» **Task details**
Copy every record exactly as it stands. Leave the pictures out.
═══
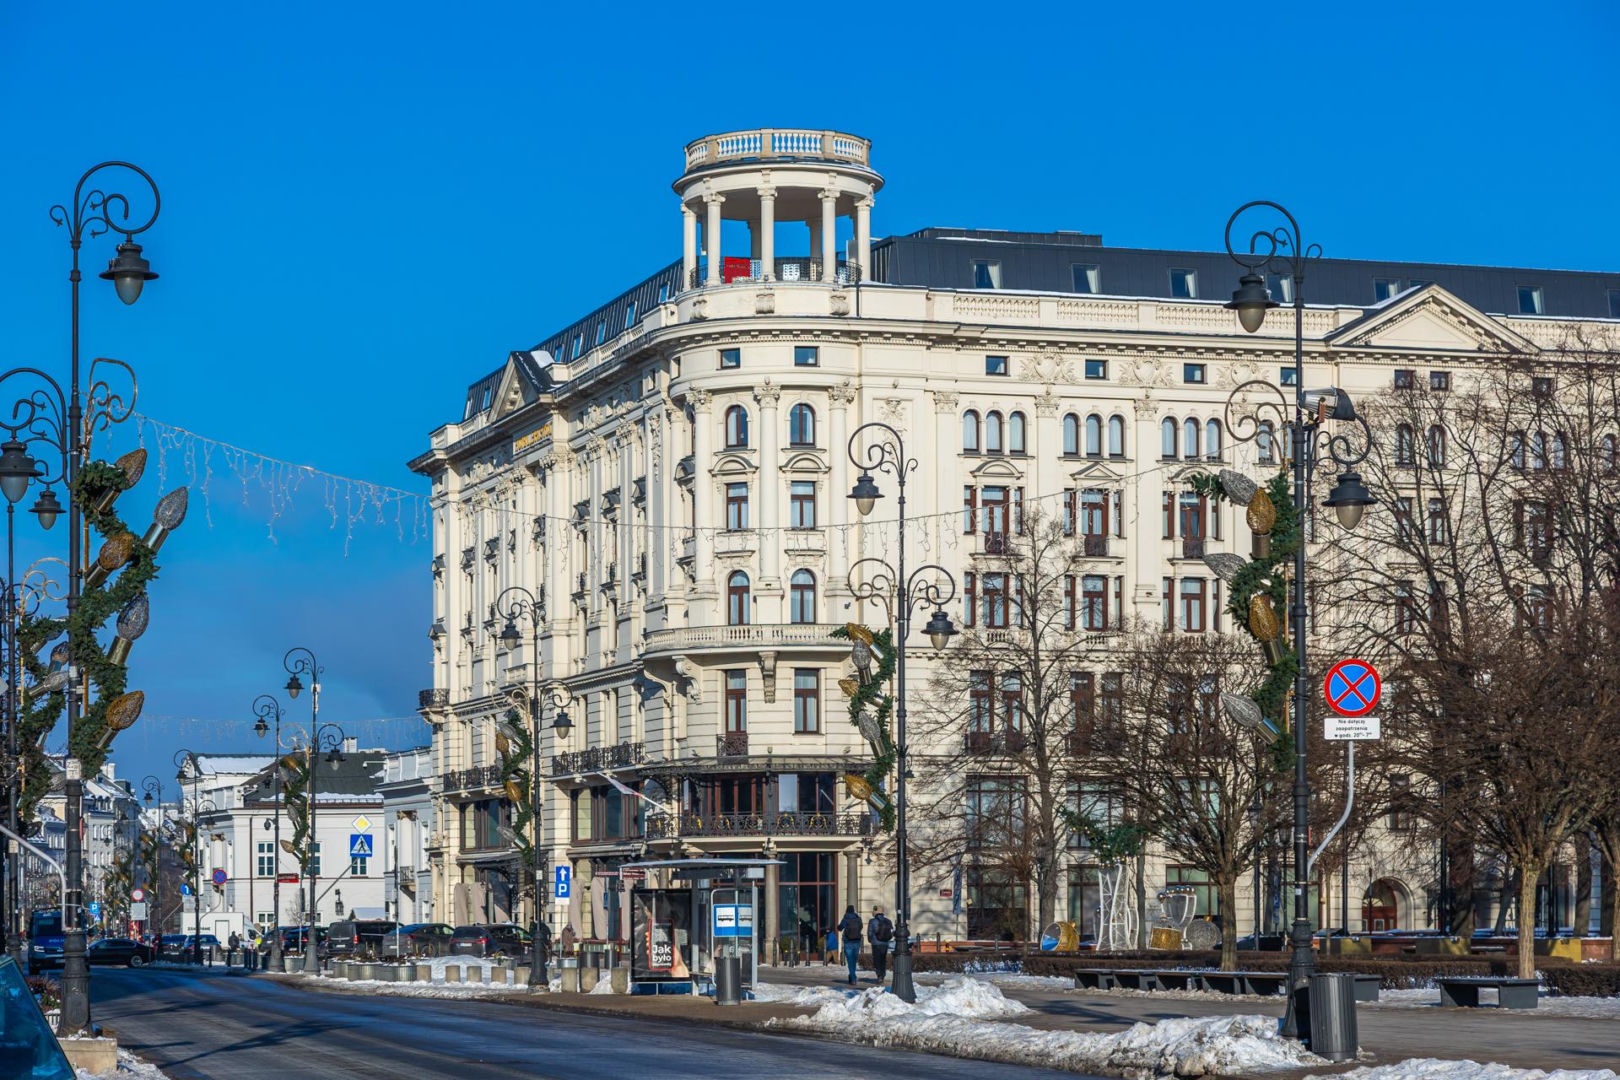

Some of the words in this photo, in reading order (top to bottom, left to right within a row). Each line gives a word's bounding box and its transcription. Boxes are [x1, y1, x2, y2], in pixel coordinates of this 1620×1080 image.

[558, 884, 566, 896] P
[652, 944, 671, 954] Jak
[652, 954, 672, 963] było
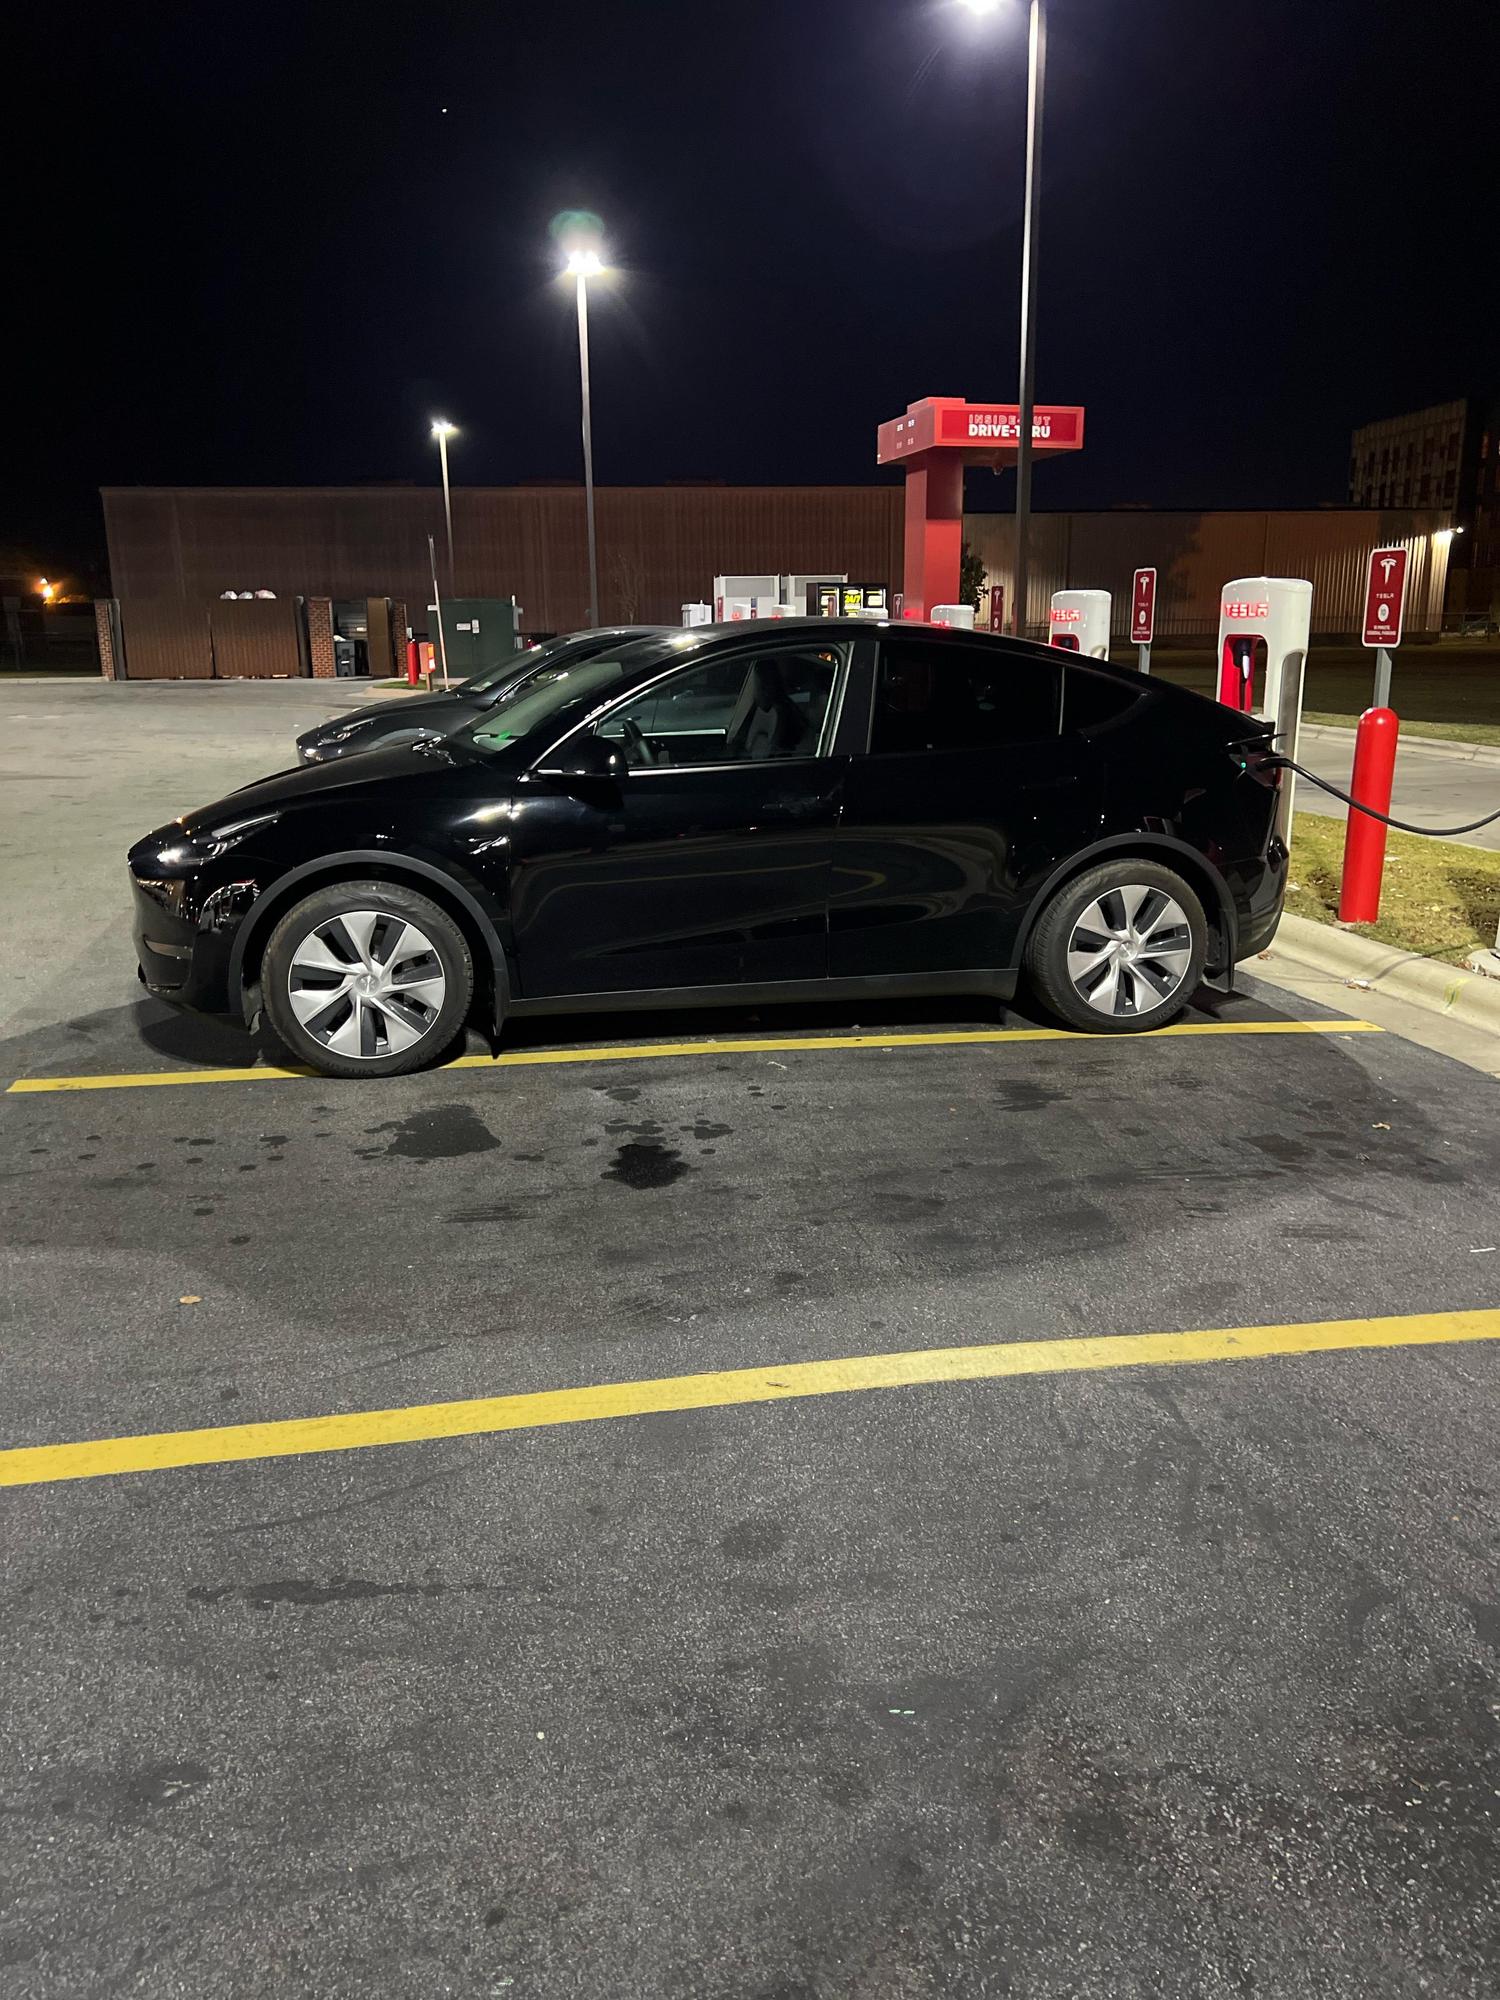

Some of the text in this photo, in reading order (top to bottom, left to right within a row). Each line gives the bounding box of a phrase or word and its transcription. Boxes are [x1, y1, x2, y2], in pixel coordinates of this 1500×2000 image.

[968, 414, 1051, 425] INSIDE-UT
[968, 424, 1051, 438] DRIVE-TRU
[844, 594, 861, 603] 24/7
[1226, 603, 1268, 617] TESLA
═══
» **Result below**
Some of the words in this photo, in reading order (top to bottom, left to right within a row). Each line gives a word's bounding box and its transcription. Boxes are [x1, y1, x2, y2], in pixel coordinates of this 1620×1080 image.

[558, 884, 566, 896] P
[652, 944, 671, 954] Jak
[652, 954, 672, 963] było

Some of the text in this photo, in reading order (top to bottom, left to right within a row). Each line gives the bounding box of a phrase or word and its transcription. Boxes are [x1, y1, x2, y2], in pixel coordinates of this 1500×2000 image.

[968, 414, 1051, 425] INSIDE-UT
[968, 424, 1051, 438] DRIVE-TRU
[844, 594, 861, 603] 24/7
[1226, 603, 1268, 617] TESLA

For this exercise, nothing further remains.